Records from a dataset:
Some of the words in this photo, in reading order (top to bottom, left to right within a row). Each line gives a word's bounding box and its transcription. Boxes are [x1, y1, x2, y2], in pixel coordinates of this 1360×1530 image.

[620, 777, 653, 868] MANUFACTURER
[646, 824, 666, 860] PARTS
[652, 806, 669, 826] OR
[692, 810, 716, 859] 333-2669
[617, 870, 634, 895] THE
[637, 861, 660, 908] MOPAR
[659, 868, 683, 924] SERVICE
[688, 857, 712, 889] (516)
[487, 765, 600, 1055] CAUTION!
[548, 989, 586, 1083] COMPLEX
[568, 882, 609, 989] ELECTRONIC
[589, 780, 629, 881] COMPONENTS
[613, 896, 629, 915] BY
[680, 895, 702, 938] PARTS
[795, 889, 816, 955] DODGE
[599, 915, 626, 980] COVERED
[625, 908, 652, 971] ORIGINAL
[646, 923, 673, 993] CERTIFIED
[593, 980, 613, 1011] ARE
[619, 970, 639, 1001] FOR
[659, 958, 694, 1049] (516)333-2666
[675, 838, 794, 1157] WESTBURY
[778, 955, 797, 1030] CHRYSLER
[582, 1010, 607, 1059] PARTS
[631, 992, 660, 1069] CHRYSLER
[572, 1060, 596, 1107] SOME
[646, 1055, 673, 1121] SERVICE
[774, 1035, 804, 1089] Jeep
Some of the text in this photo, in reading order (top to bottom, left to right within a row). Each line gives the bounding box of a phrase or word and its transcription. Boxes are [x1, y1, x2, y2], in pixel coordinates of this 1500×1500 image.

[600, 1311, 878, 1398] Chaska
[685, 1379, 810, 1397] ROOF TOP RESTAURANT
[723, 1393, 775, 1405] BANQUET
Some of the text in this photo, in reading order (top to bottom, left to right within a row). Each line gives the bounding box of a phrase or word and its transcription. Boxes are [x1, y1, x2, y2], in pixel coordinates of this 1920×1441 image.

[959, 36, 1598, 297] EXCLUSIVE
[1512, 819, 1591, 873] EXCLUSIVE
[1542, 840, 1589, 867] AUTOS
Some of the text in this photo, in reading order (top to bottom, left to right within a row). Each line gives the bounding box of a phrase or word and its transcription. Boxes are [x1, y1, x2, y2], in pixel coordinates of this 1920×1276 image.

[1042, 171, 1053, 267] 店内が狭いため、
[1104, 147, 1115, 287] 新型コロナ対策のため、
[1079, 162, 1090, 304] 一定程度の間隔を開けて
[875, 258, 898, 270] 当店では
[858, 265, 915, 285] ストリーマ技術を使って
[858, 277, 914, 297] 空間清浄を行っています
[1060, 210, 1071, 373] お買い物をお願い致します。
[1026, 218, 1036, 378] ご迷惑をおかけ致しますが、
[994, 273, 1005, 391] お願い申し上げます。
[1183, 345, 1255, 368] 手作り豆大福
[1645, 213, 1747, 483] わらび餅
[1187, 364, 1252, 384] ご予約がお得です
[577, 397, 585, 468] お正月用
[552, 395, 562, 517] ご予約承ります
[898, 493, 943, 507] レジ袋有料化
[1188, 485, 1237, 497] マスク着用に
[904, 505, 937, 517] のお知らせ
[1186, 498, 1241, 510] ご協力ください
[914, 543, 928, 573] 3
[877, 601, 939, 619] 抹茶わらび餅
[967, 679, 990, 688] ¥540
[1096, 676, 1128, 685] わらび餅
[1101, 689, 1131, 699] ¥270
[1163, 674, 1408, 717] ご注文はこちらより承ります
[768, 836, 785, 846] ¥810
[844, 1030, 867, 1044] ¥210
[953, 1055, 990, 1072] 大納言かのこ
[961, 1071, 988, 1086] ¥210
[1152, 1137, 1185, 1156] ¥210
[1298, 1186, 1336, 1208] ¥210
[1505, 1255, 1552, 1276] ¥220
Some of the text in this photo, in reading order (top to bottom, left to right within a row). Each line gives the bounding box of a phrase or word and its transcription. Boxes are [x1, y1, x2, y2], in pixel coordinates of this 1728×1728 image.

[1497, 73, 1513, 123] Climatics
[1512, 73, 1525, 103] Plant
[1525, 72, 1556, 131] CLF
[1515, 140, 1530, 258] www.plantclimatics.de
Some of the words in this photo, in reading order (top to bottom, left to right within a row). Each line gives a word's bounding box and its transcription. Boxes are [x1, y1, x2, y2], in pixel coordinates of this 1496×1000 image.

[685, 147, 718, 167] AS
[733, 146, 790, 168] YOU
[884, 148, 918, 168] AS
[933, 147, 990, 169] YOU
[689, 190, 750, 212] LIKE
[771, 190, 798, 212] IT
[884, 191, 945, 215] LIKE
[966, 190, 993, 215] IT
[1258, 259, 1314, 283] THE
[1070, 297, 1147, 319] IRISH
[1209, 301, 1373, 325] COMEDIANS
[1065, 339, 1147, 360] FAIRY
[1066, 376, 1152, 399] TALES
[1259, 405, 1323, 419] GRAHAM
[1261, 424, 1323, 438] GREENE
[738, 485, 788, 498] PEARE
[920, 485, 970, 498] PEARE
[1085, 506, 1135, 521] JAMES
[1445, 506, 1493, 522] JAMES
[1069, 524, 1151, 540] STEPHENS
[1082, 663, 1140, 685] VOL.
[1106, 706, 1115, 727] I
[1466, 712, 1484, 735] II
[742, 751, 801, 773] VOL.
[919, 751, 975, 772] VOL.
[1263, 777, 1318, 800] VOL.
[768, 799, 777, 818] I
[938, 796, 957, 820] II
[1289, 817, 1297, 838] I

**Work instruction**
Your answer must contain every line of the records, exactly.

**Output of the exercise**
Some of the words in this photo, in reading order (top to bottom, left to right within a row). Each line gives a word's bounding box and its transcription. Boxes are [x1, y1, x2, y2], in pixel coordinates of this 1360×1530 image.

[620, 777, 653, 868] MANUFACTURER
[646, 824, 666, 860] PARTS
[652, 806, 669, 826] OR
[692, 810, 716, 859] 333-2669
[617, 870, 634, 895] THE
[637, 861, 660, 908] MOPAR
[659, 868, 683, 924] SERVICE
[688, 857, 712, 889] (516)
[487, 765, 600, 1055] CAUTION!
[548, 989, 586, 1083] COMPLEX
[568, 882, 609, 989] ELECTRONIC
[589, 780, 629, 881] COMPONENTS
[613, 896, 629, 915] BY
[680, 895, 702, 938] PARTS
[795, 889, 816, 955] DODGE
[599, 915, 626, 980] COVERED
[625, 908, 652, 971] ORIGINAL
[646, 923, 673, 993] CERTIFIED
[593, 980, 613, 1011] ARE
[619, 970, 639, 1001] FOR
[659, 958, 694, 1049] (516)333-2666
[675, 838, 794, 1157] WESTBURY
[778, 955, 797, 1030] CHRYSLER
[582, 1010, 607, 1059] PARTS
[631, 992, 660, 1069] CHRYSLER
[572, 1060, 596, 1107] SOME
[646, 1055, 673, 1121] SERVICE
[774, 1035, 804, 1089] Jeep
Some of the text in this photo, in reading order (top to bottom, left to right within a row). Each line gives the bounding box of a phrase or word and its transcription. Boxes are [x1, y1, x2, y2], in pixel coordinates of this 1500×1500 image.

[600, 1311, 878, 1398] Chaska
[685, 1379, 810, 1397] ROOF TOP RESTAURANT
[723, 1393, 775, 1405] BANQUET
Some of the text in this photo, in reading order (top to bottom, left to right within a row). Each line gives the bounding box of a phrase or word and its transcription. Boxes are [x1, y1, x2, y2], in pixel coordinates of this 1920×1441 image.

[959, 36, 1598, 297] EXCLUSIVE
[1512, 819, 1591, 873] EXCLUSIVE
[1542, 840, 1589, 867] AUTOS
Some of the text in this photo, in reading order (top to bottom, left to right within a row). Each line gives the bounding box of a phrase or word and its transcription. Boxes are [x1, y1, x2, y2], in pixel coordinates of this 1920×1276 image.

[1042, 171, 1053, 267] 店内が狭いため、
[1104, 147, 1115, 287] 新型コロナ対策のため、
[1079, 162, 1090, 304] 一定程度の間隔を開けて
[875, 258, 898, 270] 当店では
[858, 265, 915, 285] ストリーマ技術を使って
[858, 277, 914, 297] 空間清浄を行っています
[1060, 210, 1071, 373] お買い物をお願い致します。
[1026, 218, 1036, 378] ご迷惑をおかけ致しますが、
[994, 273, 1005, 391] お願い申し上げます。
[1183, 345, 1255, 368] 手作り豆大福
[1645, 213, 1747, 483] わらび餅
[1187, 364, 1252, 384] ご予約がお得です
[577, 397, 585, 468] お正月用
[552, 395, 562, 517] ご予約承ります
[898, 493, 943, 507] レジ袋有料化
[1188, 485, 1237, 497] マスク着用に
[904, 505, 937, 517] のお知らせ
[1186, 498, 1241, 510] ご協力ください
[914, 543, 928, 573] 3
[877, 601, 939, 619] 抹茶わらび餅
[967, 679, 990, 688] ¥540
[1096, 676, 1128, 685] わらび餅
[1101, 689, 1131, 699] ¥270
[1163, 674, 1408, 717] ご注文はこちらより承ります
[768, 836, 785, 846] ¥810
[844, 1030, 867, 1044] ¥210
[953, 1055, 990, 1072] 大納言かのこ
[961, 1071, 988, 1086] ¥210
[1152, 1137, 1185, 1156] ¥210
[1298, 1186, 1336, 1208] ¥210
[1505, 1255, 1552, 1276] ¥220
Some of the text in this photo, in reading order (top to bottom, left to right within a row). Each line gives the bounding box of a phrase or word and its transcription. Boxes are [x1, y1, x2, y2], in pixel coordinates of this 1728×1728 image.

[1497, 73, 1513, 123] Climatics
[1512, 73, 1525, 103] Plant
[1525, 72, 1556, 131] CLF
[1515, 140, 1530, 258] www.plantclimatics.de
Some of the words in this photo, in reading order (top to bottom, left to right within a row). Each line gives a word's bounding box and its transcription. Boxes are [x1, y1, x2, y2], in pixel coordinates of this 1496×1000 image.

[685, 147, 718, 167] AS
[733, 146, 790, 168] YOU
[884, 148, 918, 168] AS
[933, 147, 990, 169] YOU
[689, 190, 750, 212] LIKE
[771, 190, 798, 212] IT
[884, 191, 945, 215] LIKE
[966, 190, 993, 215] IT
[1258, 259, 1314, 283] THE
[1070, 297, 1147, 319] IRISH
[1209, 301, 1373, 325] COMEDIANS
[1065, 339, 1147, 360] FAIRY
[1066, 376, 1152, 399] TALES
[1259, 405, 1323, 419] GRAHAM
[1261, 424, 1323, 438] GREENE
[738, 485, 788, 498] PEARE
[920, 485, 970, 498] PEARE
[1085, 506, 1135, 521] JAMES
[1445, 506, 1493, 522] JAMES
[1069, 524, 1151, 540] STEPHENS
[1082, 663, 1140, 685] VOL.
[1106, 706, 1115, 727] I
[1466, 712, 1484, 735] II
[742, 751, 801, 773] VOL.
[919, 751, 975, 772] VOL.
[1263, 777, 1318, 800] VOL.
[768, 799, 777, 818] I
[938, 796, 957, 820] II
[1289, 817, 1297, 838] I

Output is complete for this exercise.